## [Task directions]
Return all the data verbatim but without images.

#####

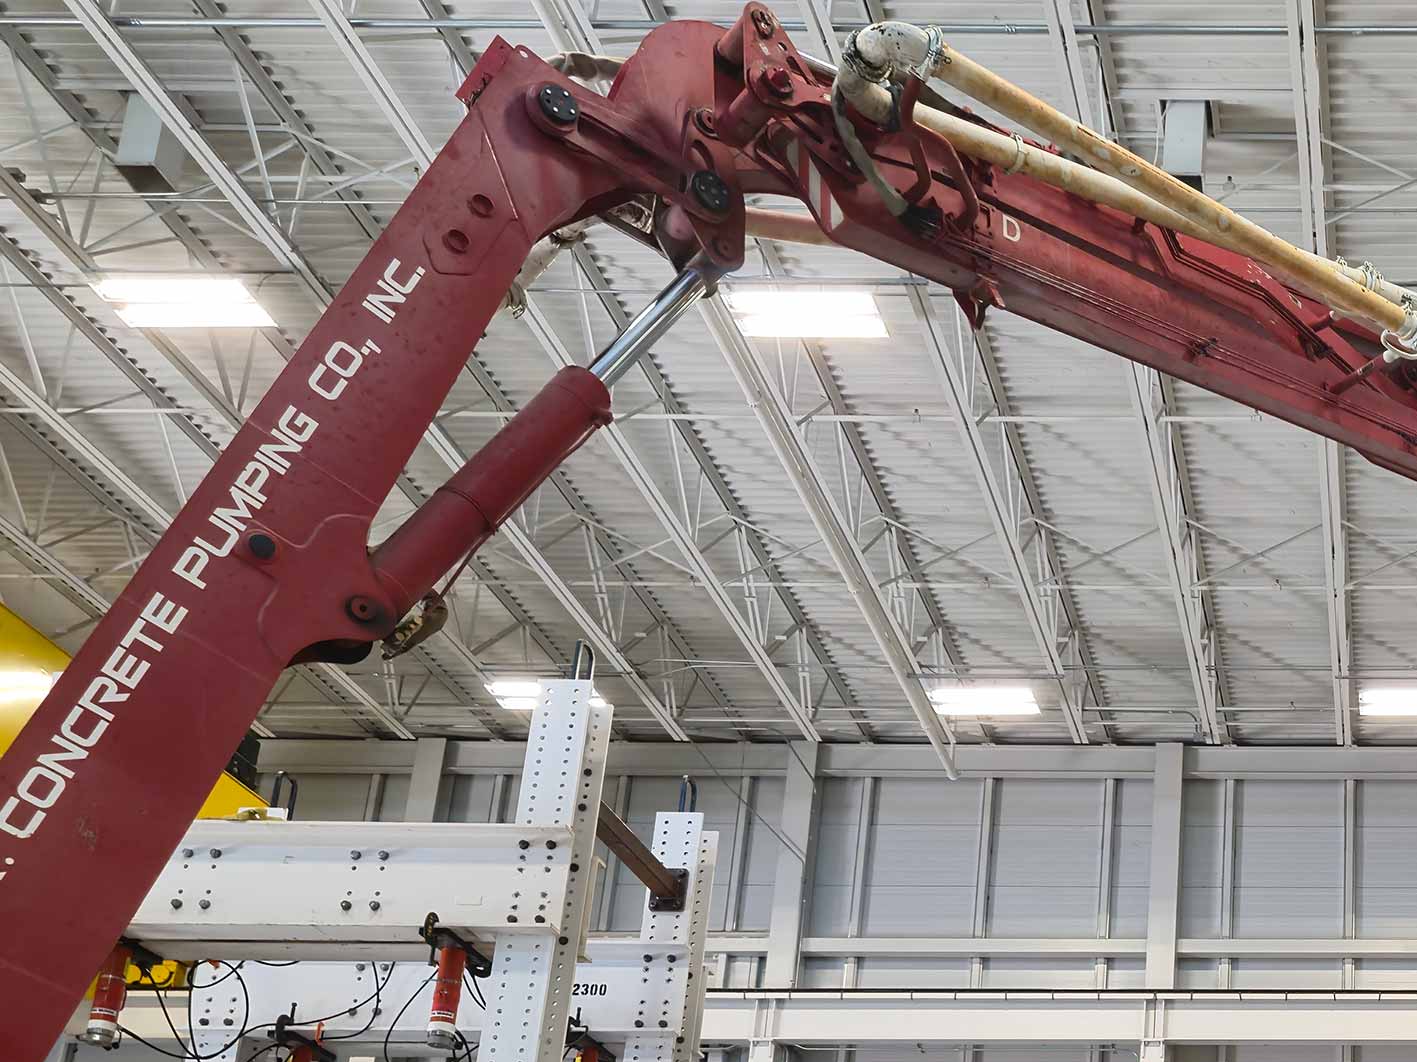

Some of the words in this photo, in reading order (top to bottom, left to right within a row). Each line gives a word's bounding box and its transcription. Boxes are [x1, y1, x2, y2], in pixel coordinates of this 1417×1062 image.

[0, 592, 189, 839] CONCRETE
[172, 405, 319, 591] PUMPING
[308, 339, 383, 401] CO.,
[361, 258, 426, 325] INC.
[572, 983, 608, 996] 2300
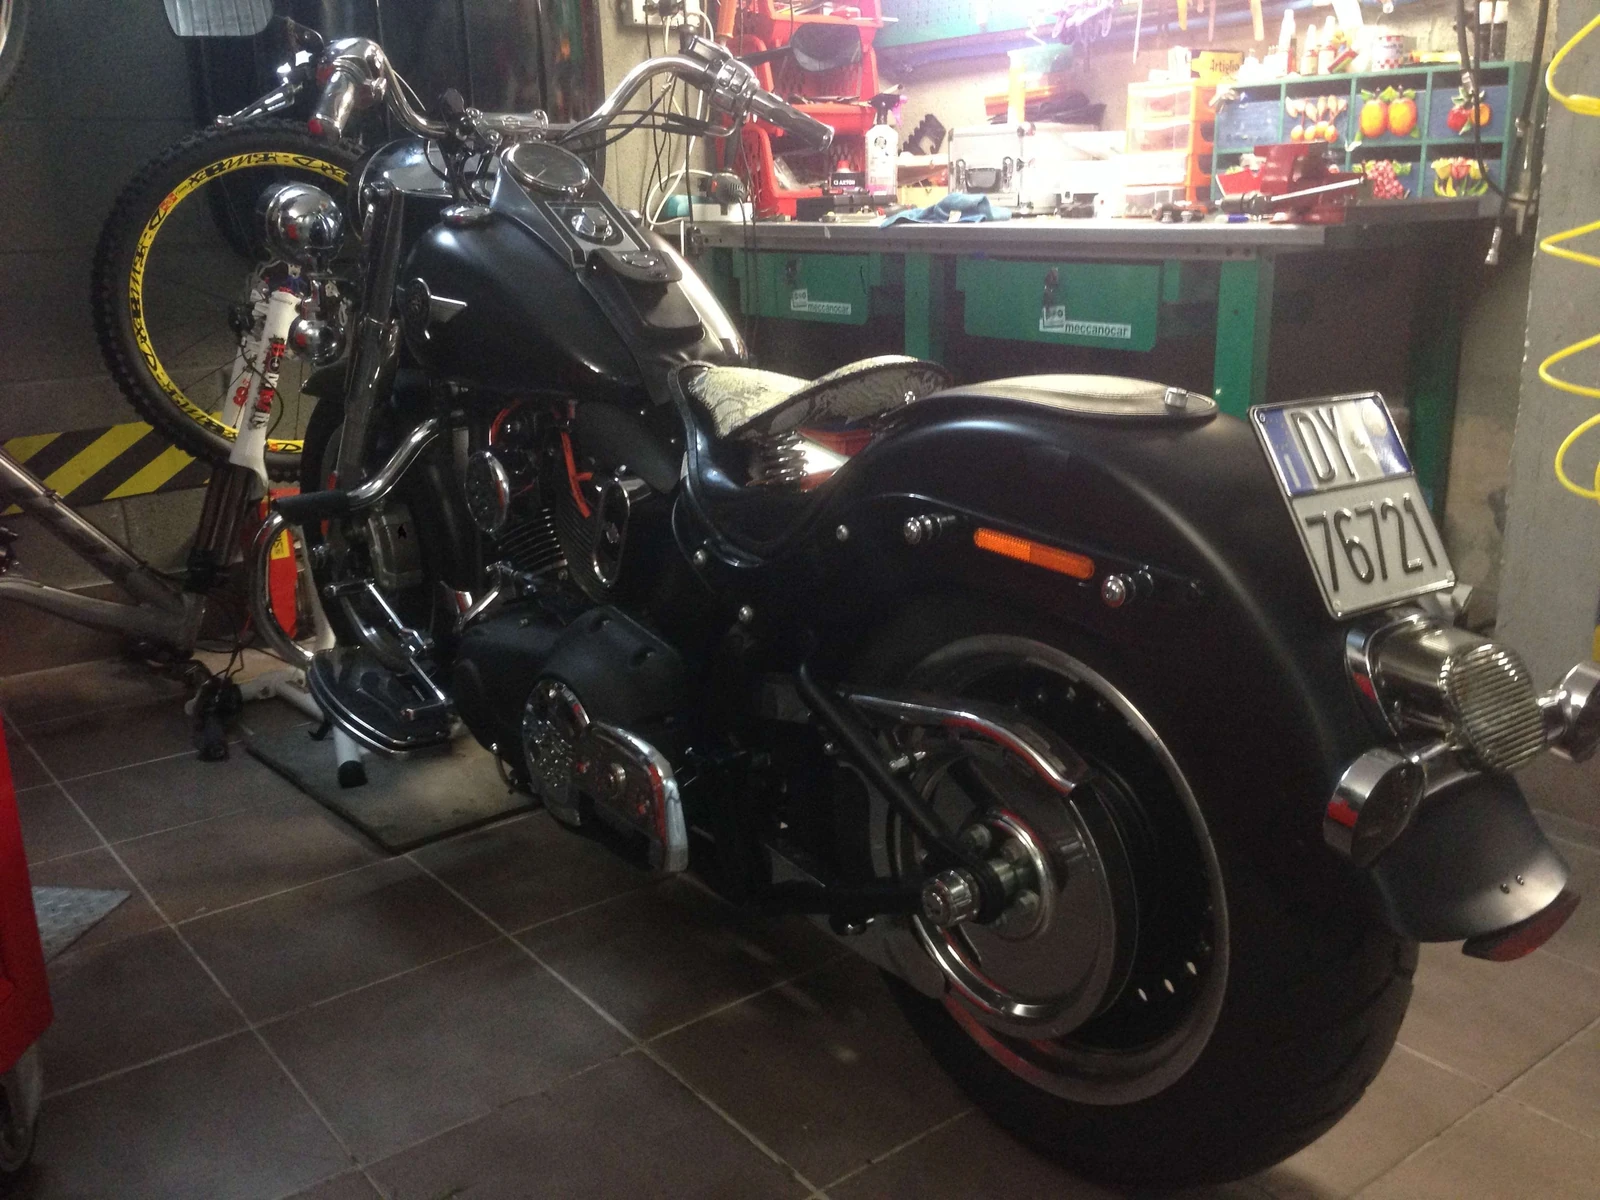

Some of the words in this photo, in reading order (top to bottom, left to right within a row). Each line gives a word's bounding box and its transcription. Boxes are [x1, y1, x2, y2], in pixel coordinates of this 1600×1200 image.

#####

## [Answer below]
Some of the words in this photo, in reading order (top to bottom, left to right within a row). Each line gives a word's bounding box and its transcription. Boxes are [x1, y1, x2, y2], in pixel coordinates of this 1417×1062 image.

[0, 592, 189, 839] CONCRETE
[172, 405, 319, 591] PUMPING
[308, 339, 383, 401] CO.,
[361, 258, 426, 325] INC.
[572, 983, 608, 996] 2300

Some of the words in this photo, in reading order (top to bottom, left to right within a row). Each line gives a word's bounding box and its transcription. Boxes are [x1, y1, x2, y2], in pixel coordinates of this 1600×1200 image.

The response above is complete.